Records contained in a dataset
=-=-=-=-=
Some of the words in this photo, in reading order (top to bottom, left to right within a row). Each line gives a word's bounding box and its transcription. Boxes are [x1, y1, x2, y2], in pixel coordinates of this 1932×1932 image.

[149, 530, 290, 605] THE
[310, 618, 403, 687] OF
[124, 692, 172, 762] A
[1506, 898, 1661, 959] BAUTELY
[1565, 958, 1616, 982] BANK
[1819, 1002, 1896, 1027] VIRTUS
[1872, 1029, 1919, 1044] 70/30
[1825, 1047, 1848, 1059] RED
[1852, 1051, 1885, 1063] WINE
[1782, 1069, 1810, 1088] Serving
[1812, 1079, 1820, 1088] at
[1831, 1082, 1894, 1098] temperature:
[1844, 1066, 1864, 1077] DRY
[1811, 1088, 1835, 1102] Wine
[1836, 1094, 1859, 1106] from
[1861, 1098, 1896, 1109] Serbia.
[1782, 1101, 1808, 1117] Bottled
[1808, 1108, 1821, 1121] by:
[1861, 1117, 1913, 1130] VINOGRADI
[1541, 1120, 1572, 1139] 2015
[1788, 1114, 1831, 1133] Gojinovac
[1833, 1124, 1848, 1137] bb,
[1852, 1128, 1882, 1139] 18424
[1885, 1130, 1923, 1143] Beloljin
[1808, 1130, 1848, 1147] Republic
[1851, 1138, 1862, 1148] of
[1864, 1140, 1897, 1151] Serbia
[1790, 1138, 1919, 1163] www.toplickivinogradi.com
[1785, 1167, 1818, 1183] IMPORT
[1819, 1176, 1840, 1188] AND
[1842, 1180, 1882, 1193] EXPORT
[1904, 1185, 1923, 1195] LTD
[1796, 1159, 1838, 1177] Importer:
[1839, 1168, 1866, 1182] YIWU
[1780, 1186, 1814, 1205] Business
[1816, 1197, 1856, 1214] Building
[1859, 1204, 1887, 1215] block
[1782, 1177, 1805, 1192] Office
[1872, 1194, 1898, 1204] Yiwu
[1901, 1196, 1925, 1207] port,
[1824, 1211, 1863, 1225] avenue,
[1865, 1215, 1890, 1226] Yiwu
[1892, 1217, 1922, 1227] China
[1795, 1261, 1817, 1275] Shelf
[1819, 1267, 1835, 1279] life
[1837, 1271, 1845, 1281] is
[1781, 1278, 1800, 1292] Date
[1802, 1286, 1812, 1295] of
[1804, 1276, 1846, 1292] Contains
=-=-=-=-=
### Problem requirements
Your task is to transcribe each record faithfully and in full.

### Output for this task
Some of the words in this photo, in reading order (top to bottom, left to right within a row). Each line gives a word's bounding box and its transcription. Boxes are [x1, y1, x2, y2], in pixel coordinates of this 1932×1932 image.

[149, 530, 290, 605] THE
[310, 618, 403, 687] OF
[124, 692, 172, 762] A
[1506, 898, 1661, 959] BAUTELY
[1565, 958, 1616, 982] BANK
[1819, 1002, 1896, 1027] VIRTUS
[1872, 1029, 1919, 1044] 70/30
[1825, 1047, 1848, 1059] RED
[1852, 1051, 1885, 1063] WINE
[1782, 1069, 1810, 1088] Serving
[1812, 1079, 1820, 1088] at
[1831, 1082, 1894, 1098] temperature:
[1844, 1066, 1864, 1077] DRY
[1811, 1088, 1835, 1102] Wine
[1836, 1094, 1859, 1106] from
[1861, 1098, 1896, 1109] Serbia.
[1782, 1101, 1808, 1117] Bottled
[1808, 1108, 1821, 1121] by:
[1861, 1117, 1913, 1130] VINOGRADI
[1541, 1120, 1572, 1139] 2015
[1788, 1114, 1831, 1133] Gojinovac
[1833, 1124, 1848, 1137] bb,
[1852, 1128, 1882, 1139] 18424
[1885, 1130, 1923, 1143] Beloljin
[1808, 1130, 1848, 1147] Republic
[1851, 1138, 1862, 1148] of
[1864, 1140, 1897, 1151] Serbia
[1790, 1138, 1919, 1163] www.toplickivinogradi.com
[1785, 1167, 1818, 1183] IMPORT
[1819, 1176, 1840, 1188] AND
[1842, 1180, 1882, 1193] EXPORT
[1904, 1185, 1923, 1195] LTD
[1796, 1159, 1838, 1177] Importer:
[1839, 1168, 1866, 1182] YIWU
[1780, 1186, 1814, 1205] Business
[1816, 1197, 1856, 1214] Building
[1859, 1204, 1887, 1215] block
[1782, 1177, 1805, 1192] Office
[1872, 1194, 1898, 1204] Yiwu
[1901, 1196, 1925, 1207] port,
[1824, 1211, 1863, 1225] avenue,
[1865, 1215, 1890, 1226] Yiwu
[1892, 1217, 1922, 1227] China
[1795, 1261, 1817, 1275] Shelf
[1819, 1267, 1835, 1279] life
[1837, 1271, 1845, 1281] is
[1781, 1278, 1800, 1292] Date
[1802, 1286, 1812, 1295] of
[1804, 1276, 1846, 1292] Contains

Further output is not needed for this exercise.